In February 1999, I went to Isabela to compete in the National Schools Press Conference, a competition for high school journalists. Since I had examinations at school at the end of the week, I had to cut my stint short. Having nobody to talk to on the way home, (I was with my school paper adviser who I didn’t get along with), I slept all the way from Isabela to Cubao, a total of 12 hrs straight!

…I spent in the hospital

6 days, from October 15-20, 2007, because of Dengue Fever. It was the first (and hopefully the only) time that I got confined in the hospital. Other than having blood taken from me thrice a day, I found it a pleasant experience as a whole.

…I was absent from work

Two weeks! I still wasn’t completely recovered when I got out of the hospital, so I took my sweet time using this as an excuse (a valid one, nevertheless). I spent the week going out with my friends and catching up on things I wasn’t able to do when I was ill.

…I spent at work

I did a couple of double shifts in Etelecare. First one was 11pm-5pm and the next was 10pm-4pm. It’s not something I will recommend to anyone though.
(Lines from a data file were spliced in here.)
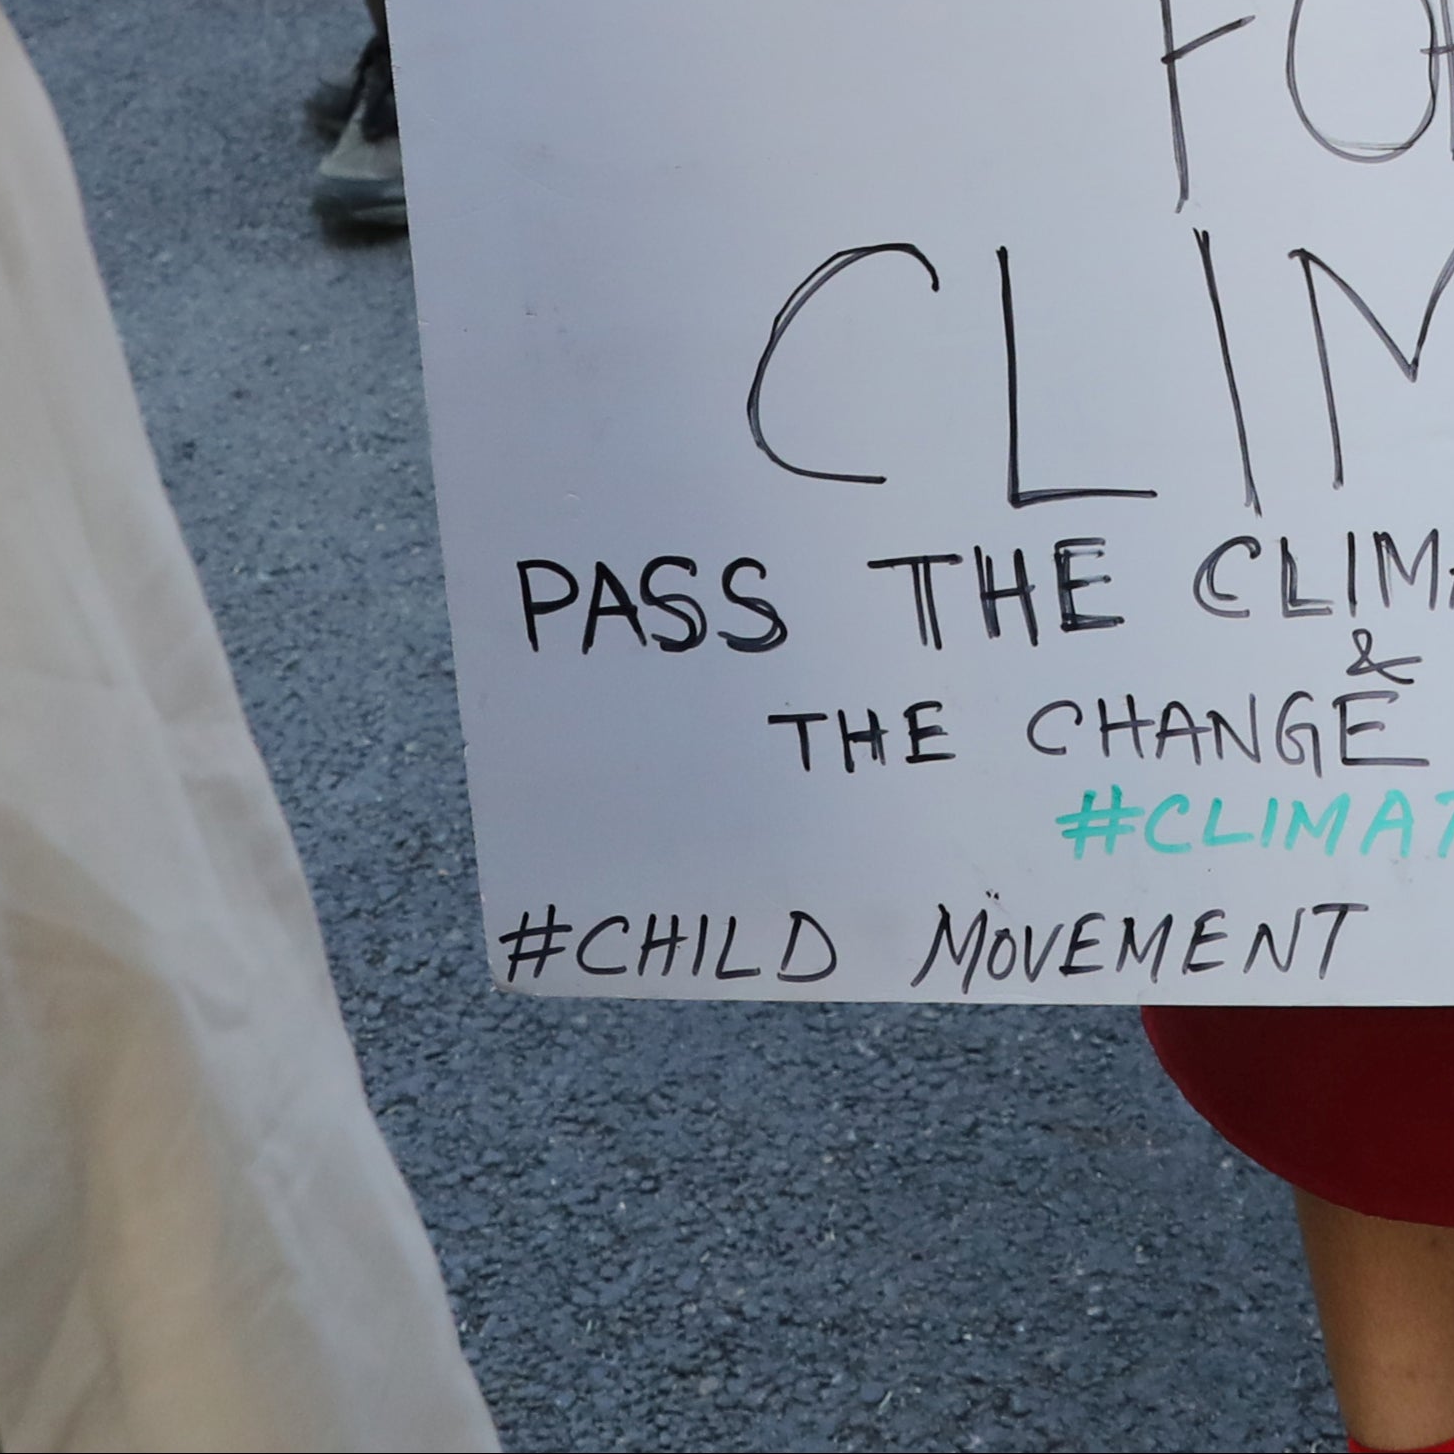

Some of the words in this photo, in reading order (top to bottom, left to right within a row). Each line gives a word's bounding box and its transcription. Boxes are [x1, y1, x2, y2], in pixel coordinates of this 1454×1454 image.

[516, 556, 789, 654] PASS
[868, 536, 1125, 649] THE
[1346, 628, 1423, 685] &
[767, 700, 957, 774] THE
[1026, 690, 1429, 778] CHANGE
[499, 903, 838, 984] #CHILD
[909, 899, 1370, 991] MOVEMENT
…I spent on an examination

I guess the right answer for this would be my four-hour UPCAT back in July 1999. I dozed off, got excited, went hungry but didn’t eat (I couldn’t open my pack of Oreo cookies as the noise might distract other examinees. I am so naïve. Hehe!) before it was all over. My reward? A billiards game with my classmates after the exams.

…I spent on a speaking engagement

In October 2007, I committed to being the guest speaker at the KADIWA monthly meeting in Pasig. Unfortunately, I fell ill with Dengue Fever, so I had to beg off at the last minute. I rescheduled my stint to November, so on that day, I discussed two topics, one for each month. It took me almost an hour before I was able to end it. Got a little carried away, I guess. Hehe!

…I was shown on TV

Back in December 2006, I competed in Game KNB? Unfortunately, I lost to Matet de Leon in the Final Round, not having known much of Sharon Cuneta movies. It was disappointing, but very fun and exciting. I hope to go back there. Hehe!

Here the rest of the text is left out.